心筋症から身を守るエストロゲンの役割を示す研究結果(Study shows estrogen’s role in protecting from cardiomyopathy)

また、女性ホルモンが心臓の機能を高め、エネルギー代謝を促進することも明らかにした。 Also shows how female sex hormone enhances cardiac function, promotes energy metabolism

2022-06-13 テキサス A&M大学

Estrogen’s structural composition. (Stock image)

<関連情報>

• https://agrilifetoday.tamu.edu/2022/06/13/study-shows-estrogens-role-in-protecting-from-cardiomyopathy/
• https://www.ahajournals.org/doi/abs/10.1161/CIRCHEARTFAILURE.121.008758

エストロゲンは心筋のIRS1およびIRS2の欠損によって引き起こされる拡張型心筋症の心機能およびエネルギー代謝を保護する Estrogen Protects Cardiac Function and Energy Metabolism in Dilated Cardiomyopathy Induced by Loss of Cardiac IRS1 and IRS2

Hui Yan,Wanbao Yang,Fenghua Zhou,Quan Pan,Kimberly Allred,Clinton Allred,Yuxiang Sun,David Threadgill,David Dostal,Carl Tong and Shaodong Guo
Heart Failure  published17 May 2022
DOI:https://www.ahajournals.org/doi/suppl/10.1161/CIRCHEARTFAILURE.121.008758.

Abstract

Background:
Type 2 diabetes (T2D) is a high-risk factor for incident of cardiovascular diseases.

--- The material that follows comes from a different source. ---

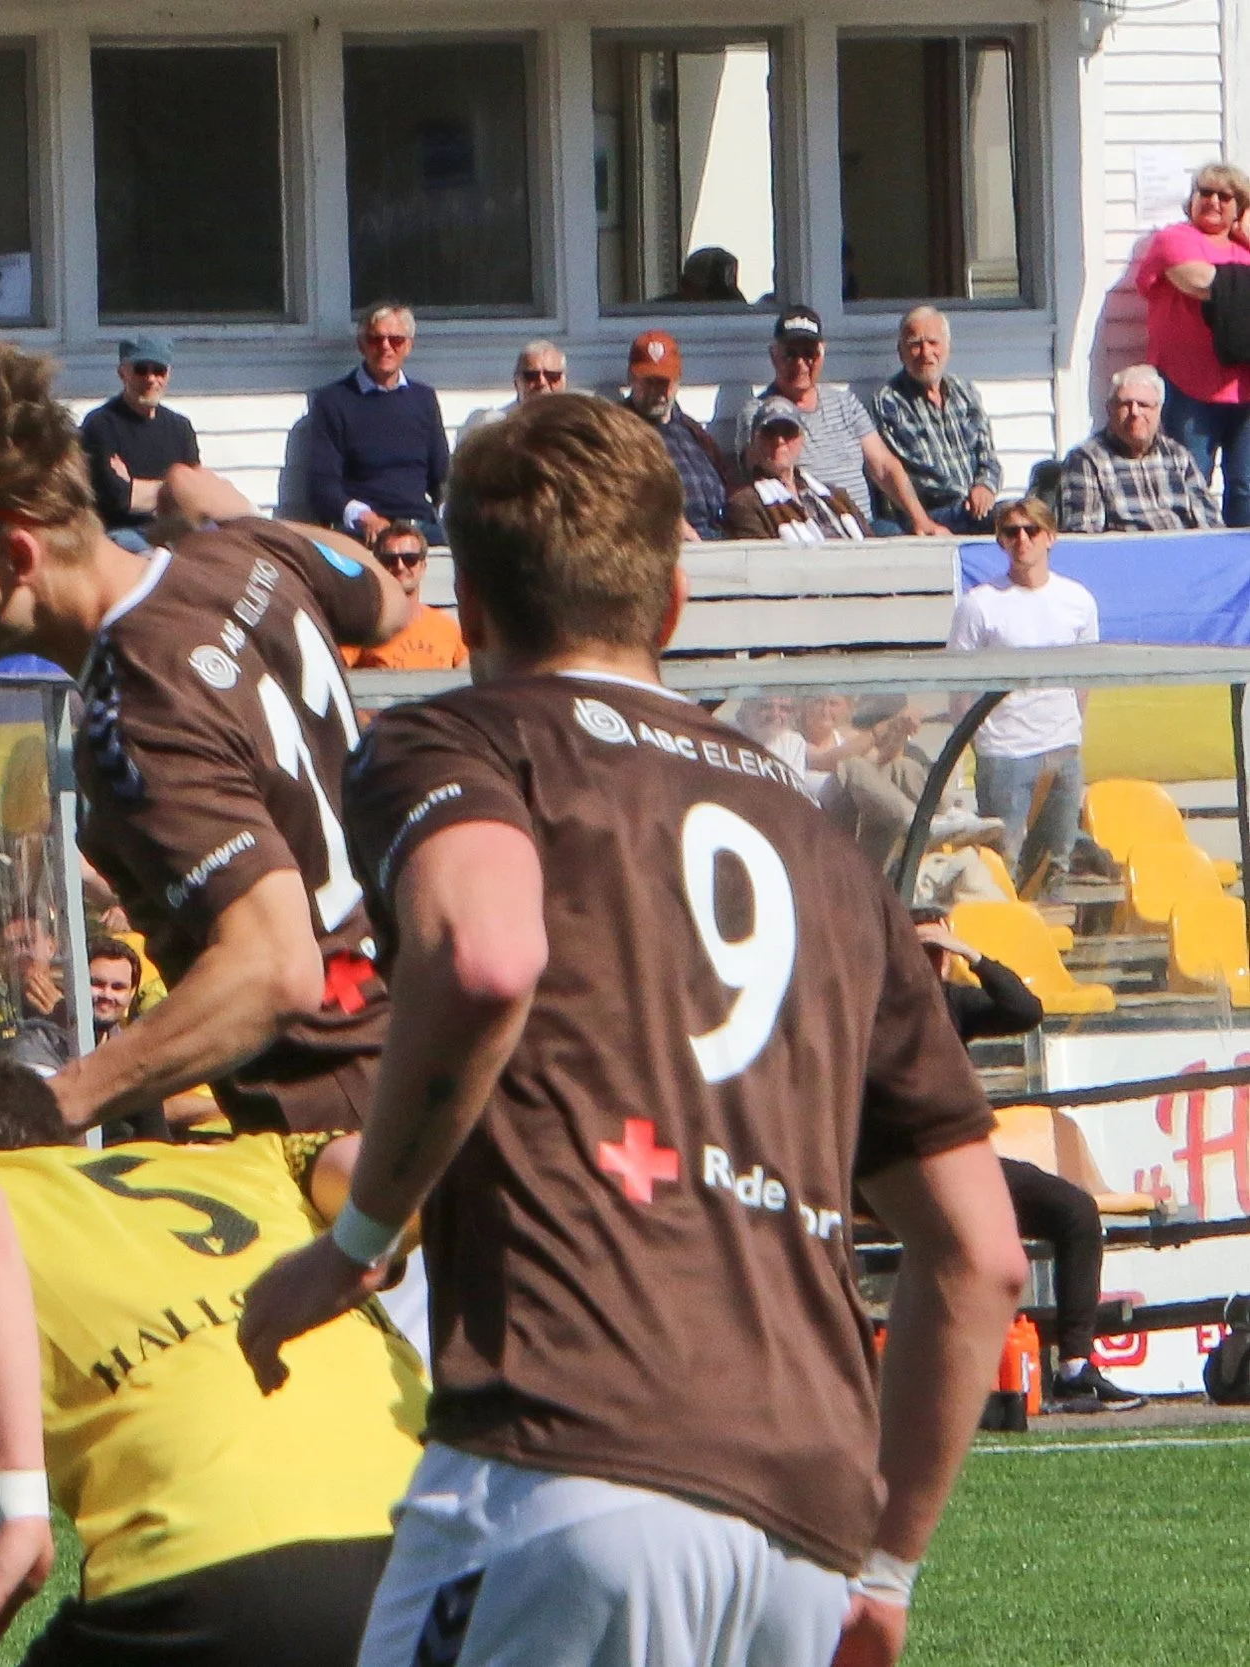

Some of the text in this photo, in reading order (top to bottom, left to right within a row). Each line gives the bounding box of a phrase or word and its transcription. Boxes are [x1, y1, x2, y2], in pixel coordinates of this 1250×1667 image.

Women at young ages show a reduced incidence of both T2D and cardiovascular diseases compared with men, but these disparities disappear in postmenopausal women versus age-matched men. Thus, ovaries and ovarian hormones, such as estrogen, are expected to protect from T2D and cardiovascular diseases. In this study, we aimed to investigate the role of ovaries and ovarian hormone estrogen in cardiac function and energy metabolism using the cardiac IRS (insulin receptor substrate) 1 and IRS2 double genes knockout mice that mimic cardiac insulin resistance.

Methods:
Control and heart-specific IRS1/2 double genes knockout mice were treated with placebo or 17β-estradiol (E₂) pellets, respectively, through subcutaneous implantation. Female mice were subjected to a bilateral ovariectomy surgery to remove endogenous E₂. The cardiac function and energy metabolism were determined using echocardiography and indirect calorimeter, respectively.

Results:
All male heart-specific IRS1/2 double genes knockout mice died of heart failure at 6 to 8 weeks as we previously described (Qi et al), but all female heart-specific IRS1/2 double genes knockout mice survived >1 year. Removal of ovaries in heart-specific IRS1/2 double genes knockout female mice resulted in cardiac dysfunction, and ultimately animal death. However, E₂ supplementation prevented the dilated cardiomyopathy, improved cardiac function and energy metabolism, and enhanced lifespan in both male and ovariectomy female mice deficient for cardiac IRS1 and IRS2 genes, largely owing to the activation of Akt (protein kinase B)-Foxo1 (O1 class of forkhead/winged helix transcription factor) signaling cascades.

Conclusions:
These results show that estrogen protects mice from cardiac insulin resistance-induced diabetic cardiomyopathy. This may provide a fundamental mechanism for the gender difference for the incidence of both T2D and cardiovascular diseases. This study highlights that estrogen signaling could be a potential target for improving cardiac function and energy metabolism in humans with T2D.